Information contained in this publication is intended for informational purposes only and does not constitute legal advice or opinion, nor is it a substitute for the professional judgment of an attorney.
Blurring the line between employer and provider may be risky business for healthcare institutions. A regional healthcare system’s policy of accessing patient records of job applicants recently landed the system in hot water with the Equal Employment Opportunity Commission (EEOC). On September 26, 2012, the EEOC filed a complaint against Aurora Health Care, Inc., in the U.S. District Court for the Eastern District of Wisconsin, alleging that the healthcare system violated the American with Disabilities Act (ADA) by rescinding a job offer to an applicant based on a review of information in her medical records when she had been a patient.
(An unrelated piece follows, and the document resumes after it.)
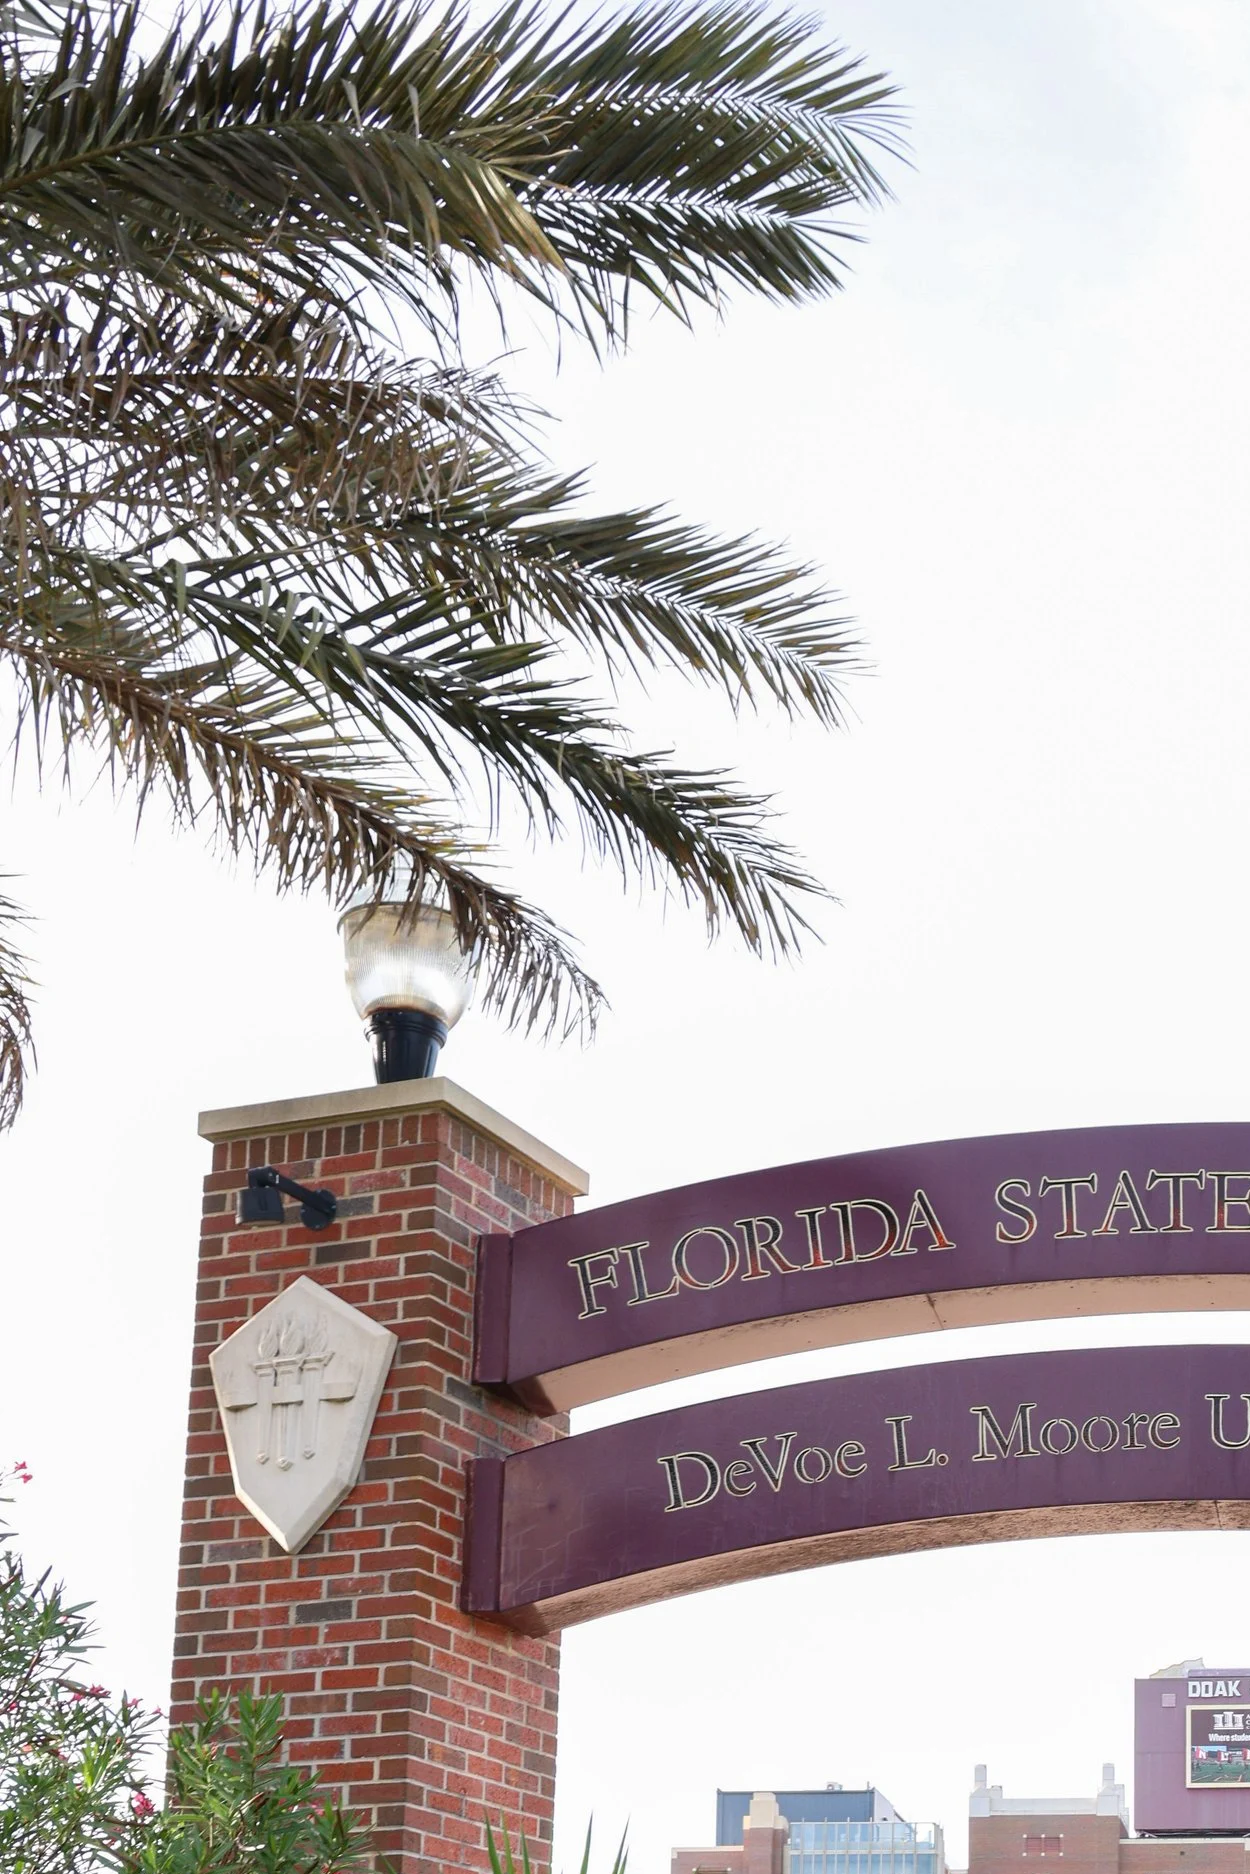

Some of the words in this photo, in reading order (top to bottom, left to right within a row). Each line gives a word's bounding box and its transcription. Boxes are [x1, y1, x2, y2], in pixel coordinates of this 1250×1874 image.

According to the complaint, the healthcare system offered the applicant a job as Registered Nurse Care Coordinator, contingent upon a medical examination. During the medical examination, the applicant was asked about a prescription that appeared in her medical records from when she was a patient at one of the system’s facilities. She explained that she had been diagnosed with multiple sclerosis and had been prescribed the medication to treat that condition. The healthcare system then rescinded the job offer.
Although the ADA permits employers to condition job offers on post-offer medical examinations, the EEOC asserted that the healthcare system’s practice of checking its patient records in connection with post-offer medical examinations, which it called a Medication Reconciliation Policy, violated the ADA. While it is too early to tell whether courts will accept the EEOC’s position, healthcare providers should take note of the EEOC’s stance on accessing patient records as part of a post-offer medical exam.